■ Required action ■
In your copy, reproduce each entry exactly and leave out the pictures.

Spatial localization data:
◇ ◇ ◇ ◇

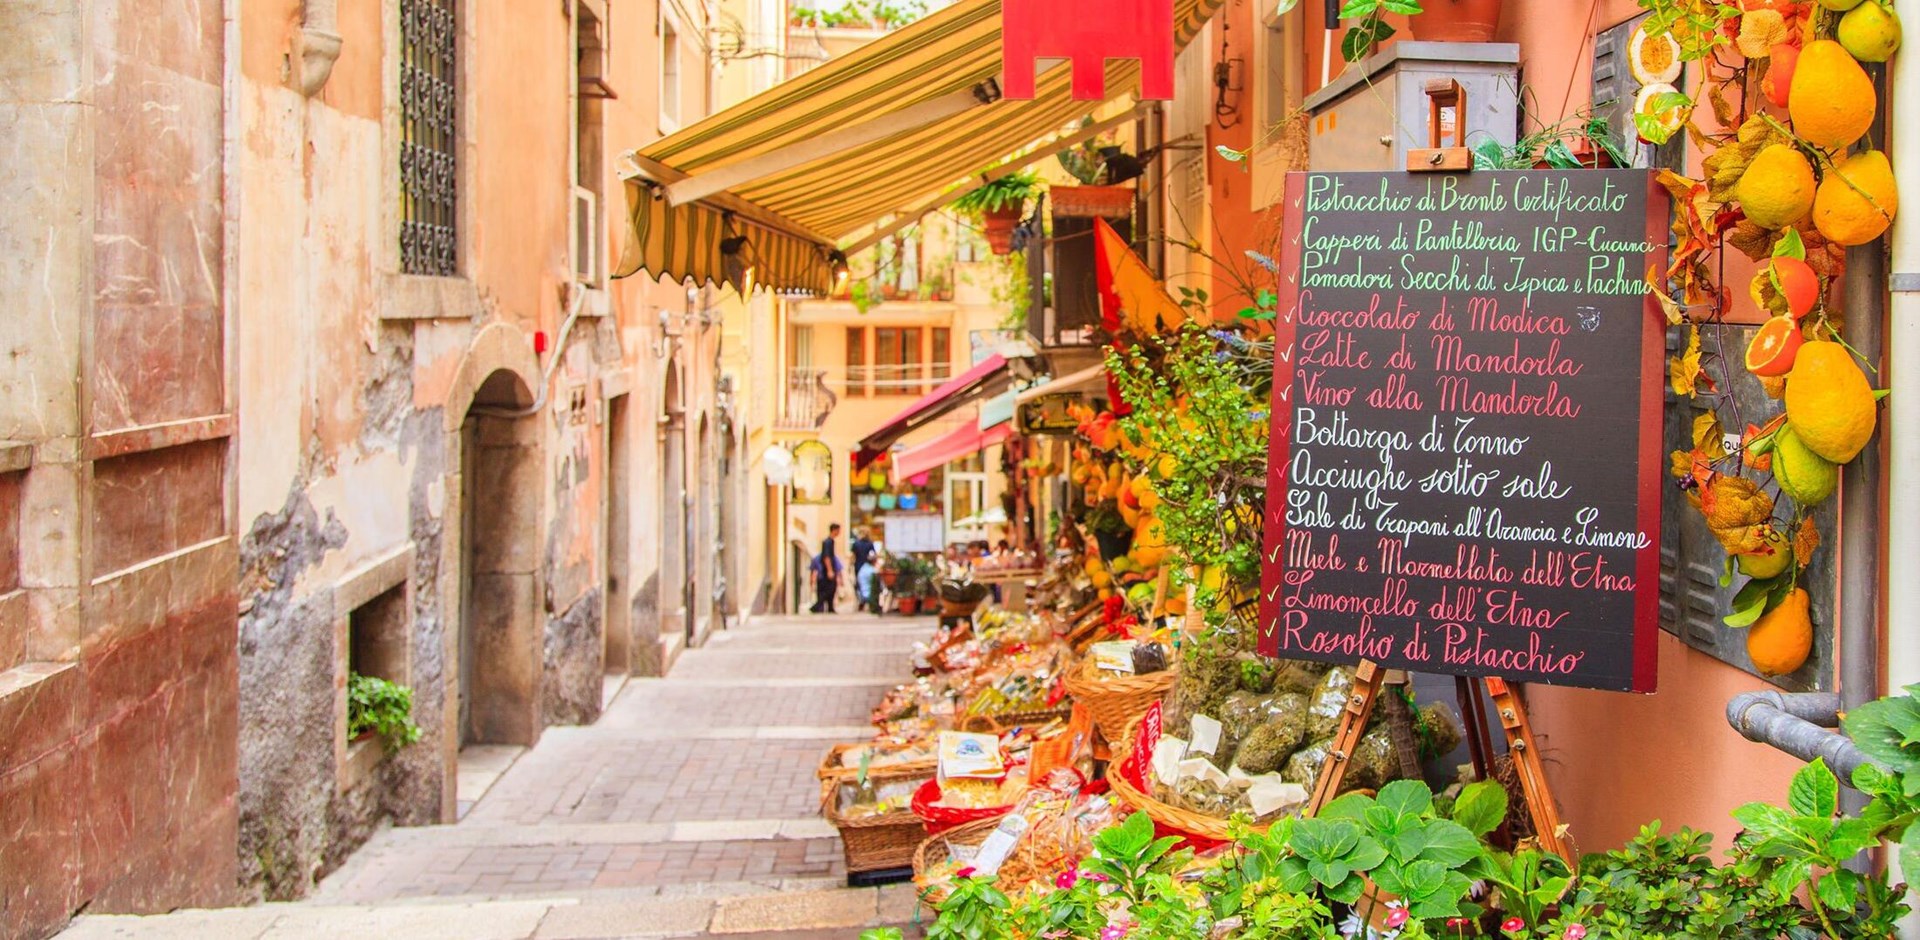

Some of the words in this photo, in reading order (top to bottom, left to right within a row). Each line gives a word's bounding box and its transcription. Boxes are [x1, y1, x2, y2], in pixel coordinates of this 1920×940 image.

[1307, 175, 1413, 212] Pistacchio
[1415, 177, 1436, 211] di
[1440, 176, 1507, 212] Bronte
[1514, 176, 1628, 222] Certificato
[1303, 216, 1383, 265] Capperi
[1388, 222, 1409, 251] di
[1415, 218, 1521, 252] Pantelleria
[1302, 251, 1394, 289] Pomodori
[1400, 253, 1471, 291] Secchi
[1474, 256, 1497, 292] di
[1572, 278, 1583, 293] e
[1298, 289, 1420, 329] Cioccolato
[1428, 296, 1455, 331] di
[1467, 297, 1571, 335] Modica
[1299, 329, 1372, 369] Latte
[1384, 333, 1416, 370] di
[1431, 335, 1584, 376] Mandorla
[1297, 369, 1357, 406] Vino
[1365, 373, 1423, 410] alla
[1436, 376, 1581, 418] Mandorla
[1296, 407, 1412, 463] Bottarga
[1418, 415, 1445, 451] di
[1453, 416, 1530, 455] Tonno
[1292, 449, 1413, 510] Acciughe
[1418, 457, 1500, 497] sotto
[1503, 460, 1573, 499] sale
[1286, 489, 1336, 527] Sale
[1339, 498, 1365, 529] di
[1375, 498, 1450, 548] Trapani
[1561, 527, 1572, 544] e
[1575, 507, 1652, 549] Limone
[1287, 529, 1347, 570] Miele
[1355, 556, 1369, 572] e
[1378, 537, 1514, 583] Marmellata
[1284, 570, 1419, 617] Limoncello
[1283, 610, 1394, 659] Rosolio
[1402, 622, 1430, 661] di
[1434, 622, 1585, 673] Pistacchio

◇ ◇ ◇ ◇

■ Written solution ■
Some of the words in this photo, in reading order (top to bottom, left to right within a row). Each line gives a word's bounding box and its transcription. Boxes are [x1, y1, x2, y2], in pixel coordinates of this 1920×940 image.

[1307, 175, 1413, 212] Pistacchio
[1415, 177, 1436, 211] di
[1440, 176, 1507, 212] Bronte
[1514, 176, 1628, 222] Certificato
[1303, 216, 1383, 265] Capperi
[1388, 222, 1409, 251] di
[1415, 218, 1521, 252] Pantelleria
[1302, 251, 1394, 289] Pomodori
[1400, 253, 1471, 291] Secchi
[1474, 256, 1497, 292] di
[1572, 278, 1583, 293] e
[1298, 289, 1420, 329] Cioccolato
[1428, 296, 1455, 331] di
[1467, 297, 1571, 335] Modica
[1299, 329, 1372, 369] Latte
[1384, 333, 1416, 370] di
[1431, 335, 1584, 376] Mandorla
[1297, 369, 1357, 406] Vino
[1365, 373, 1423, 410] alla
[1436, 376, 1581, 418] Mandorla
[1296, 407, 1412, 463] Bottarga
[1418, 415, 1445, 451] di
[1453, 416, 1530, 455] Tonno
[1292, 449, 1413, 510] Acciughe
[1418, 457, 1500, 497] sotto
[1503, 460, 1573, 499] sale
[1286, 489, 1336, 527] Sale
[1339, 498, 1365, 529] di
[1375, 498, 1450, 548] Trapani
[1561, 527, 1572, 544] e
[1575, 507, 1652, 549] Limone
[1287, 529, 1347, 570] Miele
[1355, 556, 1369, 572] e
[1378, 537, 1514, 583] Marmellata
[1284, 570, 1419, 617] Limoncello
[1283, 610, 1394, 659] Rosolio
[1402, 622, 1430, 661] di
[1434, 622, 1585, 673] Pistacchio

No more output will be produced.